> CoreNet evolved from CVNets, to encompass a broader range of applications beyond computer vision. Its expansion facilitated the training of foundational models, including LLMs.
It looks like a mid-level implementations of training and inference. You can see in their "default_trainer.py"[1] that the engine uses Tensors from torch but implements its own training method. They implement their own LR scheduler and optimizer; the caller can optionally use Adam from torch.
It's an interesting (maybe very Apple) choice to build from the ground up instead of partnering with existing frameworks to provide first class support in them.
The interface looks very Apple as well. Looks like you create a config file, and you already have a model in mind with the hyperparameters and it provides a simple interface. How useful is this to researchers trying to hack the model architecture?
Not much. But if you just want to adapt/optimize hyperparams, this is a useful approach. So I can certainly see a possible, less technical audience. If you actually want to hack and adapt architectures it's probably not worth it.
> It looks like a mid-level implementations of training and inference
I’m not familiar with how any of this works but what does state of the art training look like? Almost no models release their training source code or data sets or pre processing or evaluation code. So is it known what the high level implementation even is?

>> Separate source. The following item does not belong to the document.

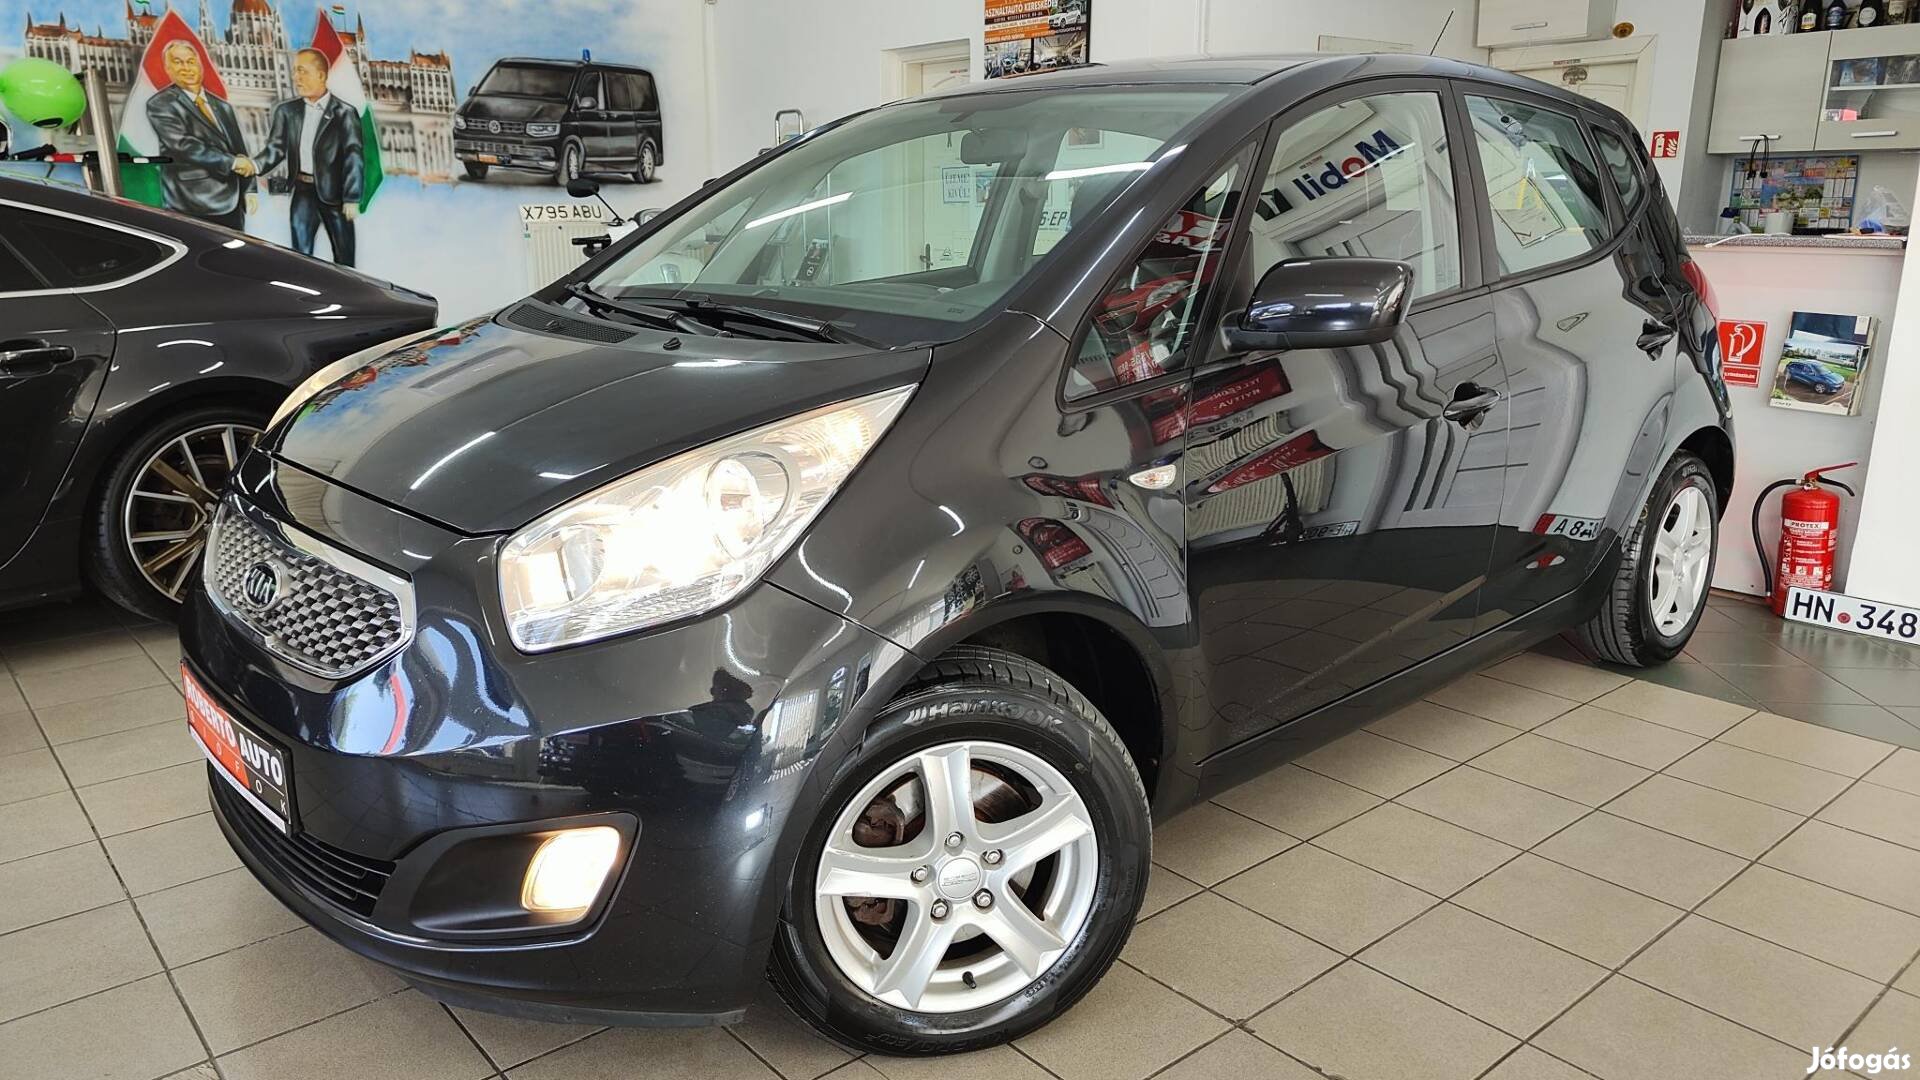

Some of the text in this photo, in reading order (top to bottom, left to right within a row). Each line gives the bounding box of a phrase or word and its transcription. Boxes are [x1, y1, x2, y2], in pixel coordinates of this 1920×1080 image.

[523, 204, 602, 220] X795 ABU
[1792, 592, 1918, 638] HN 348
[184, 673, 283, 786] ROBERTO AUTO
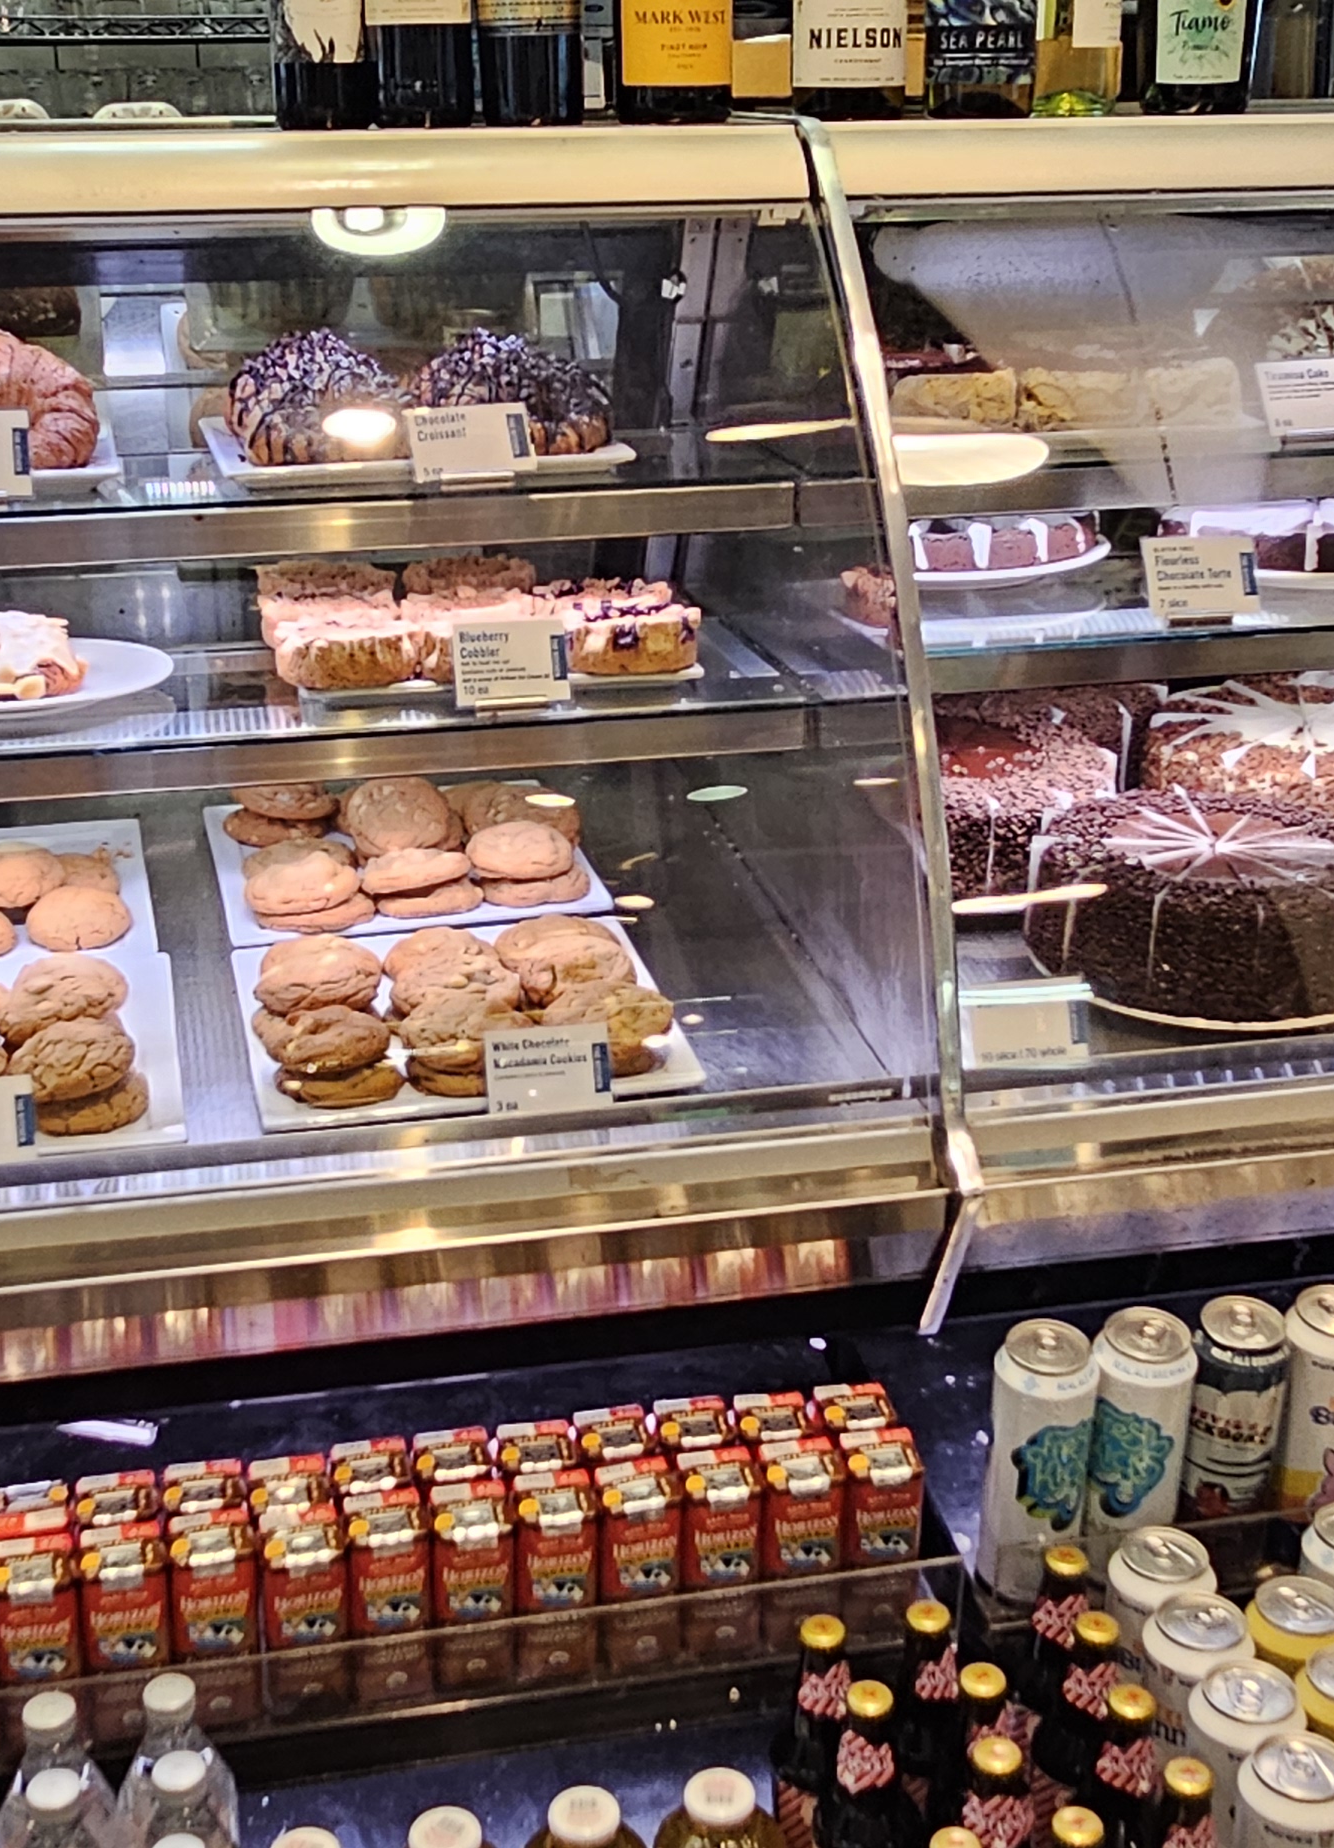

> It's an interesting (maybe very Apple) choice to build from the ground up instead of partnering with existing frameworks to provide first class support in them.
It smells of a somewhat panicked attempt to prepare for WWDC to me. Apple has really dropped the ball on AI and now they're trying to catch up.
I don’t get the idea that Apple dropped the ball on AI. They were fairly early with adding neural engine hardware to their chips and have been using ML extensively on-device for a long time now
They haven’t put an LLM assistant out there. But they don’t make their own search engine either so I don’t think “online LLM assistant” is something they’ll ever put much effort into unless it’s part of a bigger effort to launch their own AI-based search engine as well.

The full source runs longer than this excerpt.